Contact with the Philae lander was lost at 6:36 p.m. (CST) November 14th, before the normal loss of signal when Rosetta orbits below the lander’s horizon. Without sunlight to juice up its solar panels and recharge the its batteries, the craft will remain in “idle mode” – maybe for a long time. All its instruments and most systems on board have been shut down. 

Our last panorama from Philae? This image was taken with the CIVA camera; at center Philae has been added to show its orientation on the surface. Credit: ESA

Our last panorama from Philae? This image was taken with the CIVA camera; at center Philae has been added to show its orientation on the surface. Credit: ESA

“Prior to falling silent, the lander was able to transmit all science data gathered during the First Science Sequence,” says DLR’s Stephan Ulamec, Lander manager. All of the science instruments were deployed, including the instruments that required mechanical movement, such as APXS, MUPUS, and the drill, which is designed to deliver samples to the PTOLEMY and COSAC instruments inside the lander.

No contact will be possible unless maneuvers by controllers on the ground nudge Philae back into a sunnier spot. On its third and final landing, it unfortunately came to rest in the shadow of one of the comet’s many cliffs. Contrary to earlier reports (or speculations), Valentina Lommatsch from the German Aerospace Center explained that all three of Philae’s legs are on the ground. But the lander appears to be tipped up at an angle because one of the scenes from the panorama (below) shows mostly sky.
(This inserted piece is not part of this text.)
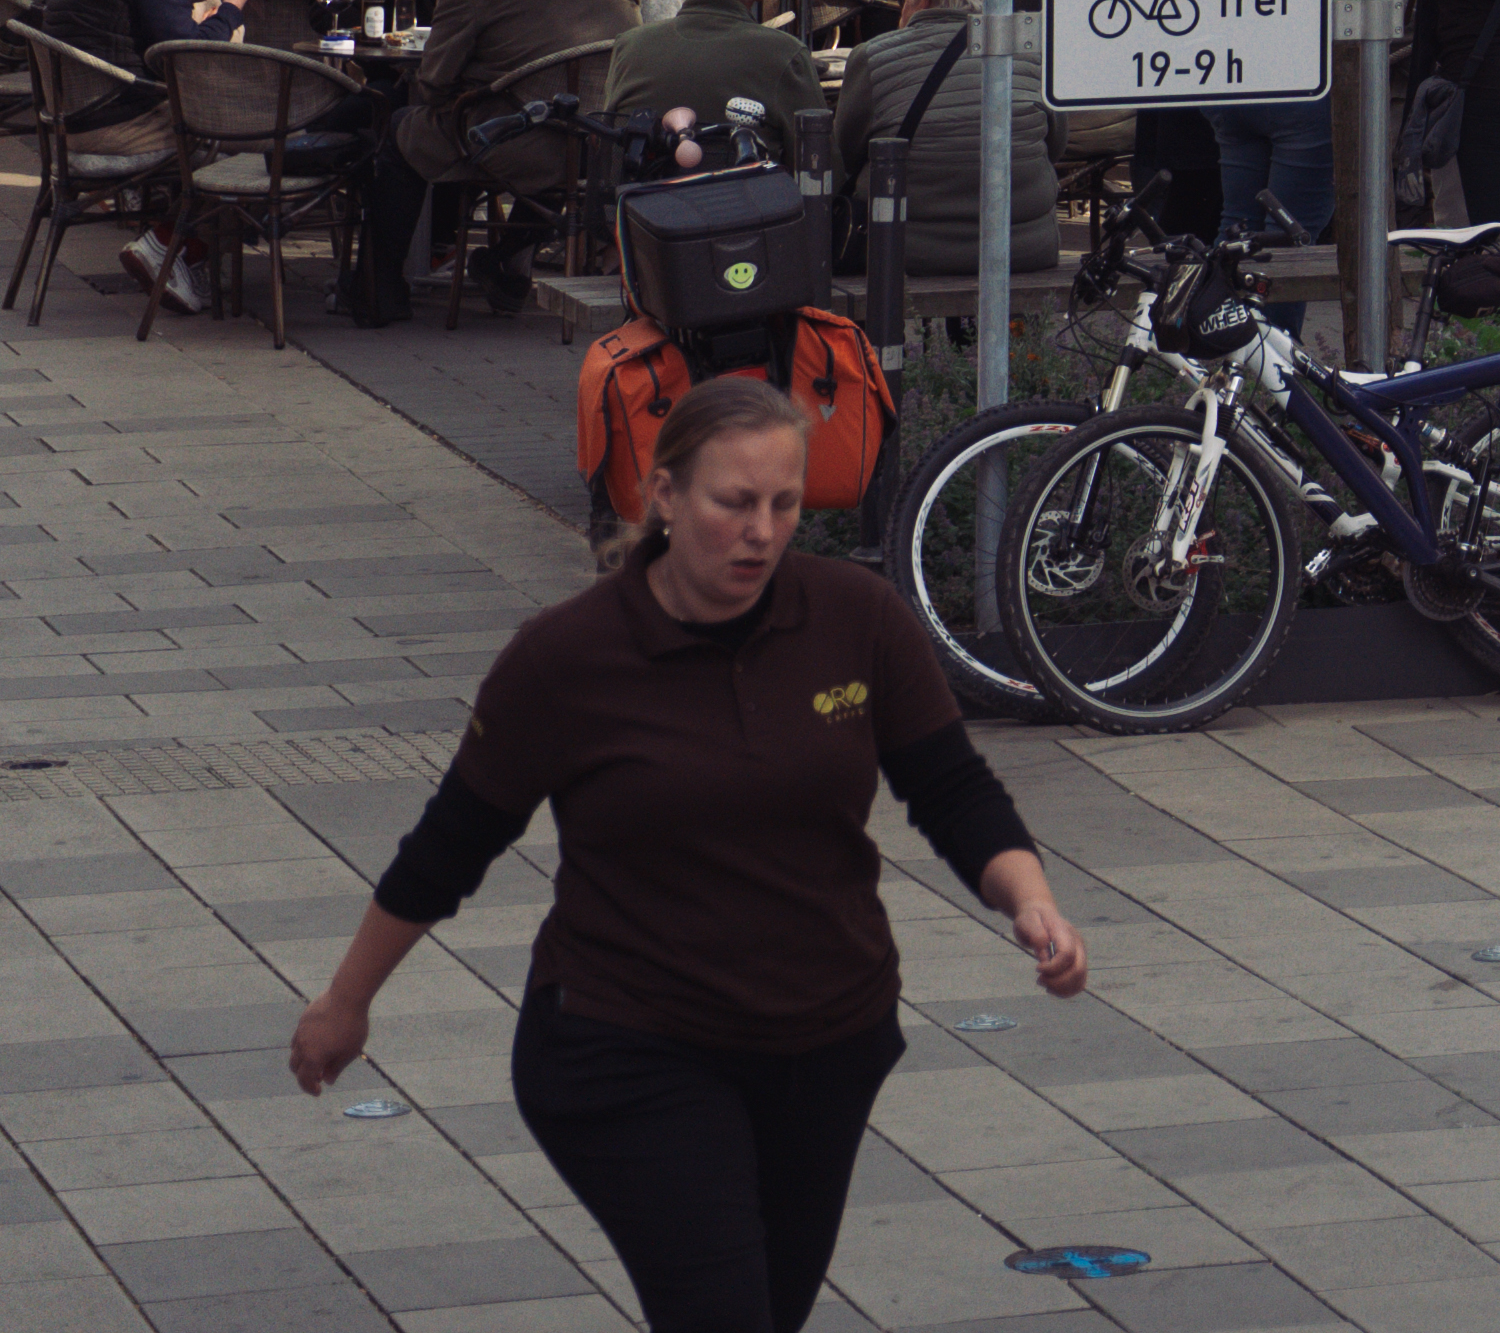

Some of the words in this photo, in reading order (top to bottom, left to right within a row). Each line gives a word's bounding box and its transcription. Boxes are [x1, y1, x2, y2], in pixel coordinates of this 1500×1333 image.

[1132, 48, 1216, 87] 19-9
[1227, 48, 1243, 84] h
[1198, 303, 1250, 334] WHEE
The same evening, mission controllers sent commands to rotate the lander’s main body to which the solar panels are fixed. This may have exposed more panel area to sunlight, but we won’t know until this weekend when the Rosetta orbiter has another opportunity to listen for Philae’s signal.
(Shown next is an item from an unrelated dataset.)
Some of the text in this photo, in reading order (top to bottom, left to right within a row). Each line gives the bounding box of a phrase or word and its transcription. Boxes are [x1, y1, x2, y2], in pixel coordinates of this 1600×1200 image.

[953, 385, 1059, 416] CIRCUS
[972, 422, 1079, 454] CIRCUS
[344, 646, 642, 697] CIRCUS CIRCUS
Deputy flight director Elsa Montagnon watches data flow from Philae on the surface of comet 67P/C-G Credit: ESA

Deputy flight director Elsa Montagnon watches data flow from Philae on the surface of comet 67P/C-G Credit: ESA

The batteries were designed to power the probe for about 55 hours. Had Philae landed upright in the targeted region, its solar panels would have been out in the open and soaking up the sunlight needed for multiple recharges. There’s also the possibility that months from now, as seasons progress and illumination changes on the comet, that the Sun will rise again over the probe.

We may hear from the lander again or not. But if not, all the science instruments were deployed in the first two days of landing and data has been received.